Behaving is religious commitment, or behaving according to values privileged by religion. It involves norms and defining what is right and what is wrong. People with high levels of religiosity often act on their religious convictions. It can also provide an individual with a sense of purpose. Religious values also shape the legal and judicial system of a country. This is true even in largely secular societies, as many of these countries were once religious. Bonding is religious ritual, or bonding by means of spiritual practices and rituals. These are the experiences that people go through, either individually, but more likely together as a community. It can include prayer, meditation, worship, religious ceremonies, and pilgrimages. The four dimensions of belonging, believing, bonding, and behaving represent what Hoogendorn and Saroglu refer to as “the social, cognitive, emotional, and moral elements of religion, respectively” (Saroglou, 2011; Hoogendoorn, et. al., 2016)

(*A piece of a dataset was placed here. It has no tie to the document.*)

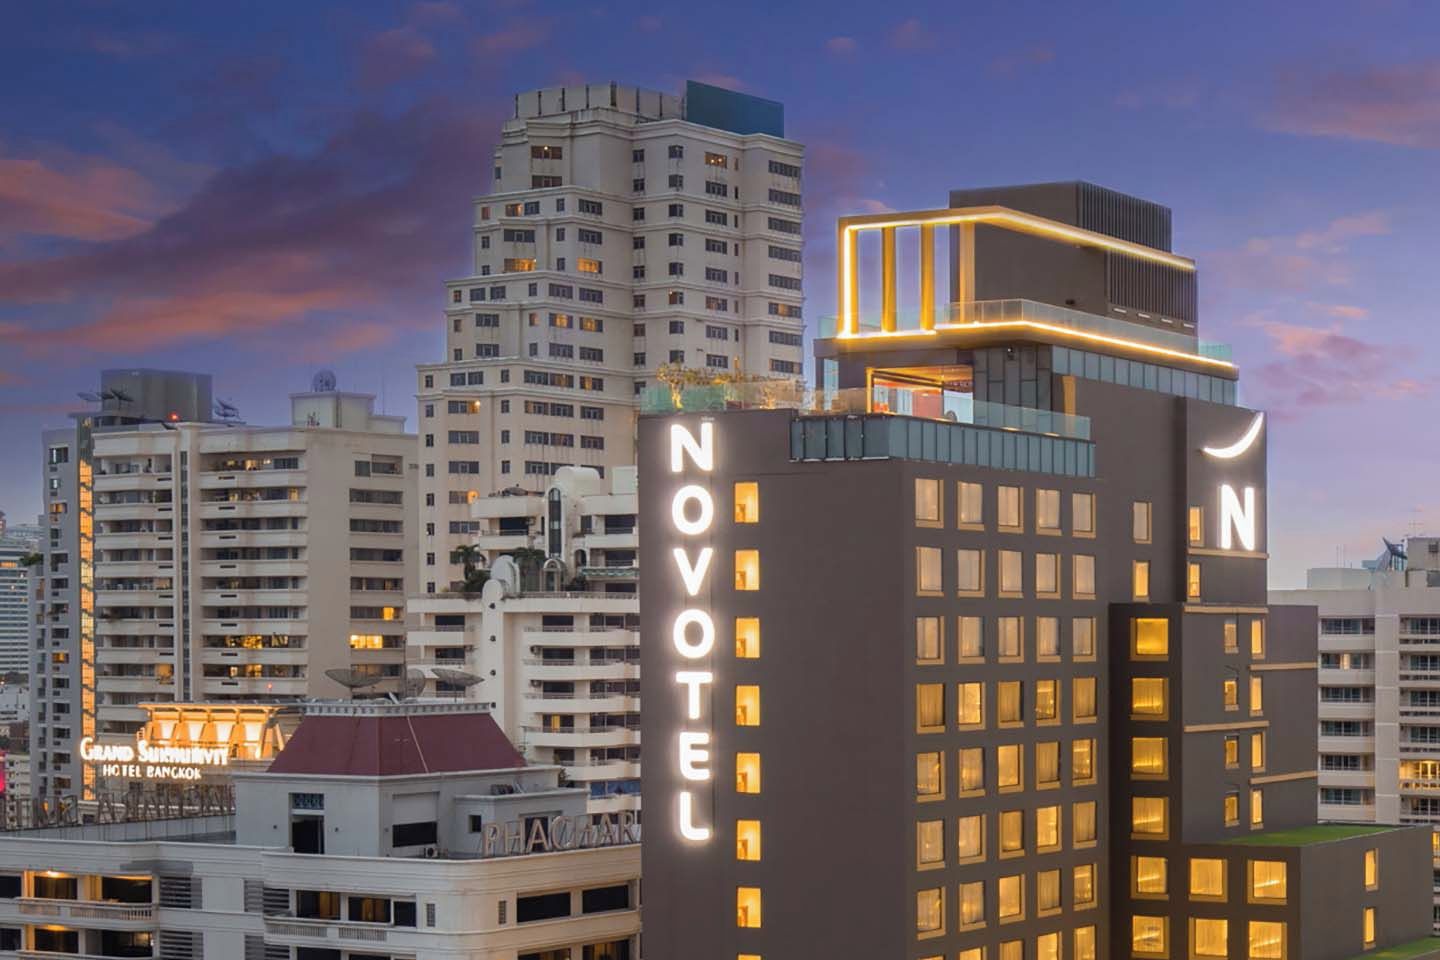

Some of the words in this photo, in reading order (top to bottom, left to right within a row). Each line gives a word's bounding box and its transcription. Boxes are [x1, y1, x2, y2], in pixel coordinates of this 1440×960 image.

Given this complexity, scholars in religion and politics prefer to use the term religiosity instead of religious identity. Macaluso and Wanat (1979) define religiosity as “the strength of a person’s attachment to organized religion”. The authors then attempt to try and measure religiosity, “ as the frequency of attendance at the place of worship. Individuals who go to church or synagogue every week are high in religiosity, those who rarely go are low in religiosity” (pg. 160). Leege and Kellstedt (1993) contend that using church/ synagogue/mosque attendance as the only measure of religiosity is too simple and may not accurately reflect the other ‘B’s explained above. Some religions and/or denominations emphasize individual devotion or noncollective traditions. This is more relevant as a higher number of Americans now identify as non-religious, but still spiritual. A recent Pew Research Center survey indicated that roughly three-in-ten Americans are religiously unaffiliated. Per the survey, these folks are referred to as religious ‘nones’, they are “people who describe themselves as atheists, agnostics or ‘nothing in particular’ when asked about their religious identity” (Smith, 2021).
The authors also point to the interactions between the different dimensions in producing a stronger effect. Their discussion of how to measure these different dimensions (methods) has been important for the study of religion and politics. Using this framework then, religiosity can best be defined as ‘strength of person’s commitment to religion”.